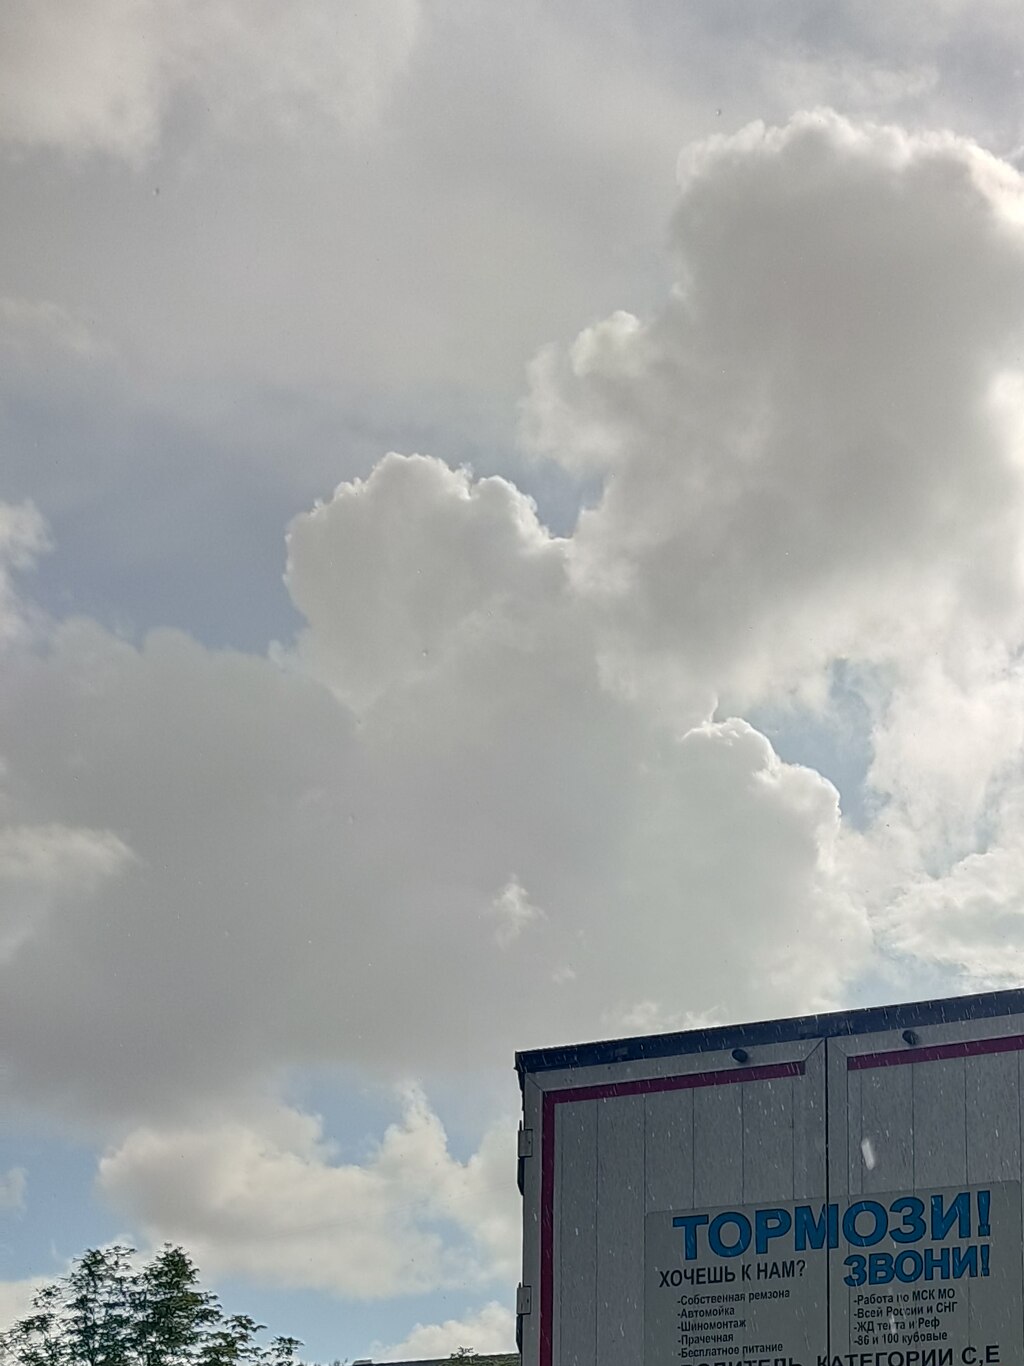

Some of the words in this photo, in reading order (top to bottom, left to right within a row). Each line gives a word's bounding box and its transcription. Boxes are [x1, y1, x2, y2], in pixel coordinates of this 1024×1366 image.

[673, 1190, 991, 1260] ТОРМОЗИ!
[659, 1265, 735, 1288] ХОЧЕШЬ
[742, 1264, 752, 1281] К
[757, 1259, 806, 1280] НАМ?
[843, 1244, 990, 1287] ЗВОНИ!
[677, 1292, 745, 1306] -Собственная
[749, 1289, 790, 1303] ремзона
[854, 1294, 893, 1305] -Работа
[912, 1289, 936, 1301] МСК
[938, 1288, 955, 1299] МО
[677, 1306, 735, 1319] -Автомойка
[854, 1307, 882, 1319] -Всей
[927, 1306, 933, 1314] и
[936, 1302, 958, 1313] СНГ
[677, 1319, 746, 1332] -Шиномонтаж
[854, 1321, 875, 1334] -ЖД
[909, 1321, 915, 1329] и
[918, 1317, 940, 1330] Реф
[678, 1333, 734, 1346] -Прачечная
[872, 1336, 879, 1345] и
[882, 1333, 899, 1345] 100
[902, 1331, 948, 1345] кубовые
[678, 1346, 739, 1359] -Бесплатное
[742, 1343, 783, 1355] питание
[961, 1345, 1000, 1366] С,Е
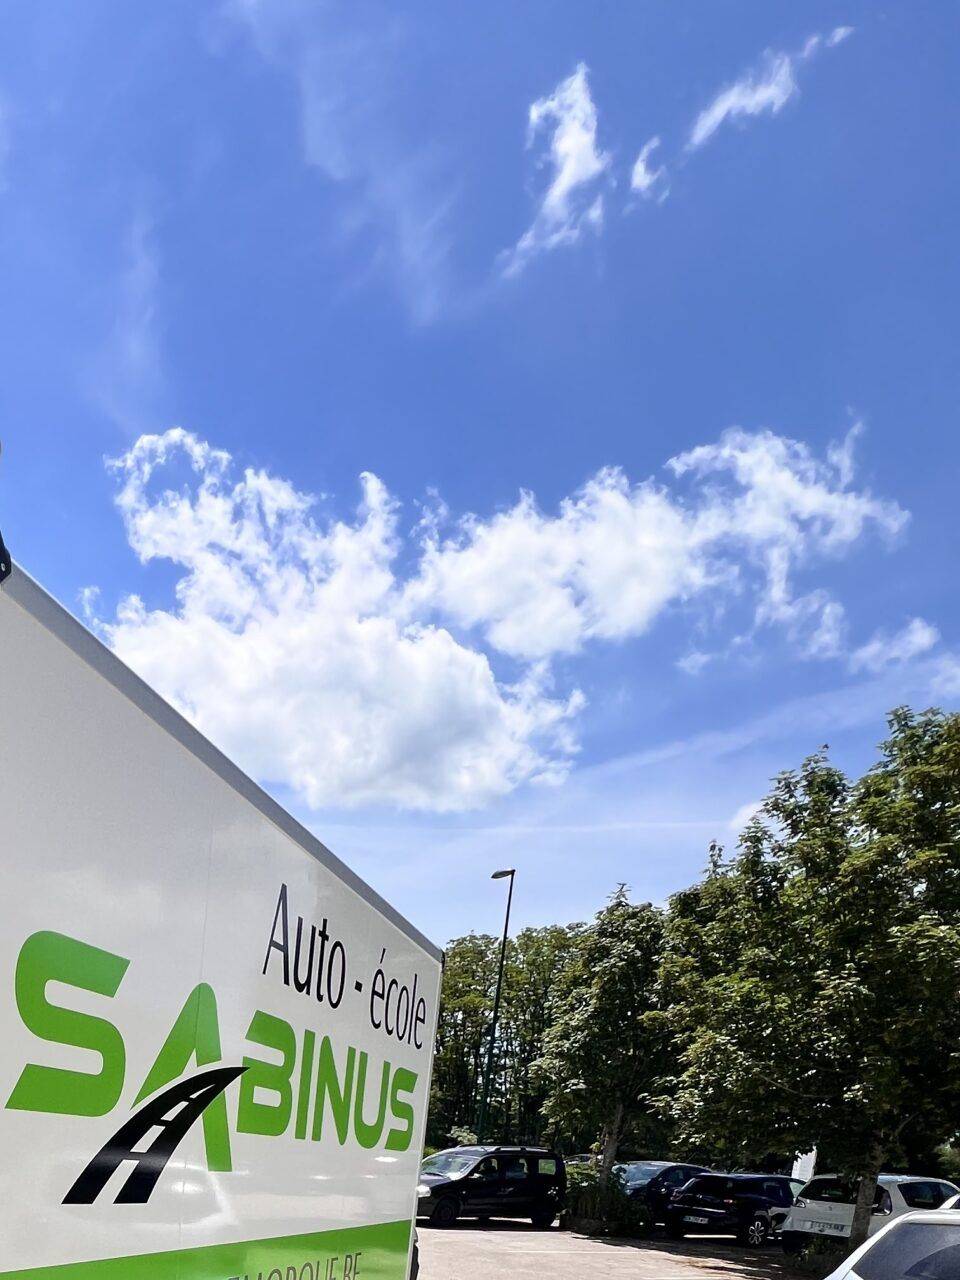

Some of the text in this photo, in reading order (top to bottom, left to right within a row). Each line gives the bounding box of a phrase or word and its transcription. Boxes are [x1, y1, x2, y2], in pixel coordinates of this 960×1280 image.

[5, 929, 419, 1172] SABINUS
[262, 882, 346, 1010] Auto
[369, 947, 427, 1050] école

**Work to complete**. Copy every line above exactly, leaving no picture in the copy.

**Solved problem**.
Some of the words in this photo, in reading order (top to bottom, left to right within a row). Each line gives a word's bounding box and its transcription. Boxes are [x1, y1, x2, y2], in pixel coordinates of this 1024×1366 image.

[673, 1190, 991, 1260] ТОРМОЗИ!
[659, 1265, 735, 1288] ХОЧЕШЬ
[742, 1264, 752, 1281] К
[757, 1259, 806, 1280] НАМ?
[843, 1244, 990, 1287] ЗВОНИ!
[677, 1292, 745, 1306] -Собственная
[749, 1289, 790, 1303] ремзона
[854, 1294, 893, 1305] -Работа
[912, 1289, 936, 1301] МСК
[938, 1288, 955, 1299] МО
[677, 1306, 735, 1319] -Автомойка
[854, 1307, 882, 1319] -Всей
[927, 1306, 933, 1314] и
[936, 1302, 958, 1313] СНГ
[677, 1319, 746, 1332] -Шиномонтаж
[854, 1321, 875, 1334] -ЖД
[909, 1321, 915, 1329] и
[918, 1317, 940, 1330] Реф
[678, 1333, 734, 1346] -Прачечная
[872, 1336, 879, 1345] и
[882, 1333, 899, 1345] 100
[902, 1331, 948, 1345] кубовые
[678, 1346, 739, 1359] -Бесплатное
[742, 1343, 783, 1355] питание
[961, 1345, 1000, 1366] С,Е

Some of the text in this photo, in reading order (top to bottom, left to right within a row). Each line gives the bounding box of a phrase or word and its transcription. Boxes are [x1, y1, x2, y2], in pixel coordinates of this 960×1280 image.

[5, 929, 419, 1172] SABINUS
[262, 882, 346, 1010] Auto
[369, 947, 427, 1050] école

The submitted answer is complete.